Each time the train clattered over a set of points she looked up to make sure the noise wasn't the sound of the doors at the far end of the carriage opening; but she need not have worried. There were few other passengers, and most of them had chosen seats on the upper deck, where the view was better. Here on the lower level, it was a noisier and less pleasant place to ride the rails. The express from Washington, D.C., out to Boston was the first leg of the journey to Quebec paid into her ticket; Kelso was scheduled to change trains at Penn Station in New York for the northbound Adirondack route, but she had no intentions of doing so. There were a dozen stops between here and there, and she was already formulating a loose plan based on jumping trains in Philadelphia. She'd wait until the very last second, and vault through the automatic doors as they closed…
Using the ticket was a calculated risk. If she was being tracked, it was likely they'd have people watching the main stations, maybe even someone on the train already-but it was clear that whoever had supplied the ticket, the passport, and the grenade had nothing to do with the
Tyrants. Still, until she knew for sure who her benefactors were or what they wanted, Anna decided to treat everyone with the same level of distrust. Right now, that seemed to be the only thing keeping her alive.

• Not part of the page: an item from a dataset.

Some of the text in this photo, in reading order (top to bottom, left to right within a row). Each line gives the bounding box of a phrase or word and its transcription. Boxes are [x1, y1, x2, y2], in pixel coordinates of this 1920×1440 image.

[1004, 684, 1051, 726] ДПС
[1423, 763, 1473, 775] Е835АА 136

There were small screens set in the back of the seats in front of her, and they blinked into life as the train started to slow, the Baltimore suburbs blurring past on the other side of the rain-slicked windows. After the requisite information displays, the screens automatically switched to a feed from a local news affiliate, the ubiquitous Picus News logo framing image loops of global, national, and local events. Anna held her breath as she saw a portion of the same report that had been playing in her house, in the seconds before the assassin had appeared-the same hazy video replay of what appeared to be her indiscriminately killing dozens of civilians. Angrily, she reached forward and stabbed at the screen, darkening it, but the images were all over the carriage, on other displays here and there. Scowling, she drew into the oversize microfleece jacket, letting it swamp her.
Anna's eyes darted back and forth, scanning the area. She couldn't shake the sense of creeping dread that at any second, some citizen might recognize her, some transport cop would make the connection, some camera might get a good look at her face and flag it. They could be waiting for me in Baltimore, she told herself. Snipers and a takedown unit, ready to swarm onto the train the moment it rolls in. That's how I would play it.

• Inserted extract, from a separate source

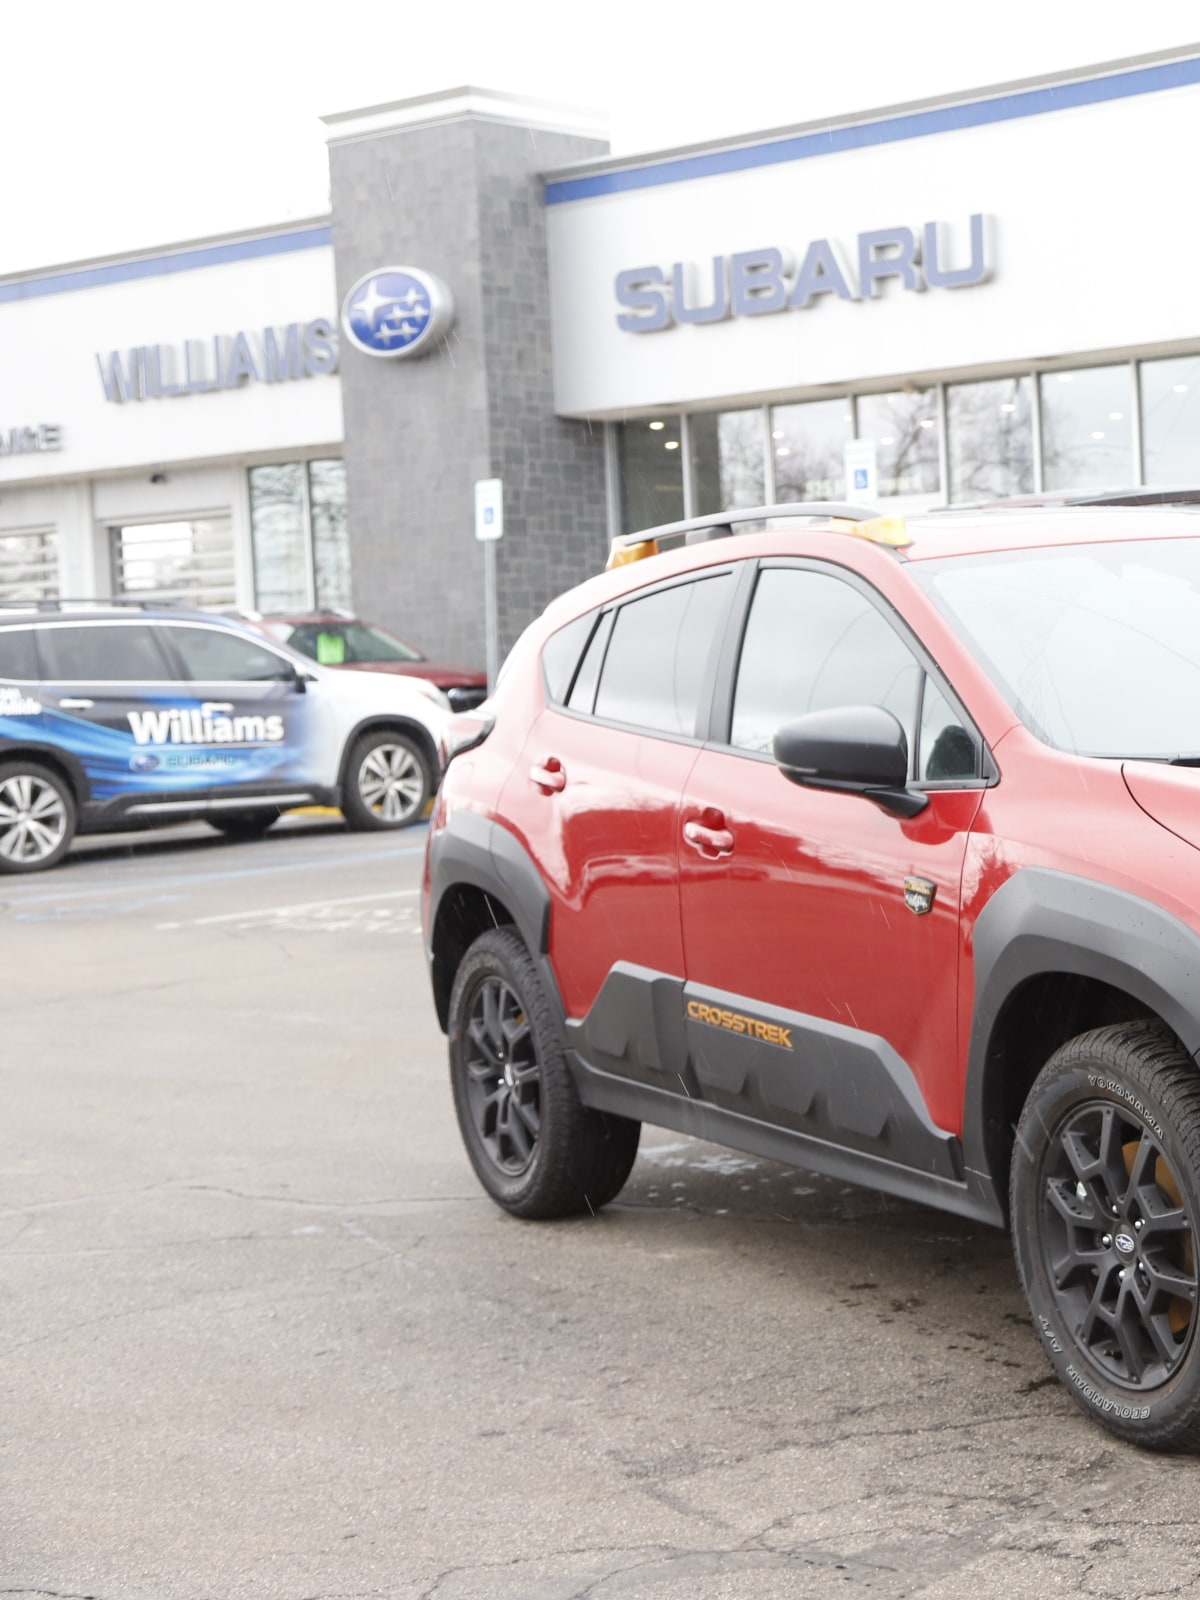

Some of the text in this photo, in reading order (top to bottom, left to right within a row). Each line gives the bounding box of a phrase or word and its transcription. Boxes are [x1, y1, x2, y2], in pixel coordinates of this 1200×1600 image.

Anna shook off the moment of burgeoning fear and looked around. There was a restroom at the end of the carriage; it could be a bolt hole if she saw police officers or agents boarding to search for her "What the hell am I doing?" It was a moment before she realized the words were her own, the question falling from her lips. The answer was clear, she was running-but where was she running to? Even if she made it to Philadelphia, what then? She wouldn't go to ground there. She'd have to keep moving. But to where? Panic darkened the edges of her thoughts. Anna had no plan for what was going on right now, and that terrified her. She hated the thought of being out of control, caught by fate and chance; and she knew, through long years of serving the law, that sooner or later a criminal ran out of road. How much more of mine is left?
A sudden jolt went through the floor of the carriage and Kelso lurched forward as the train decelerated abruptly with a shriek of brakes.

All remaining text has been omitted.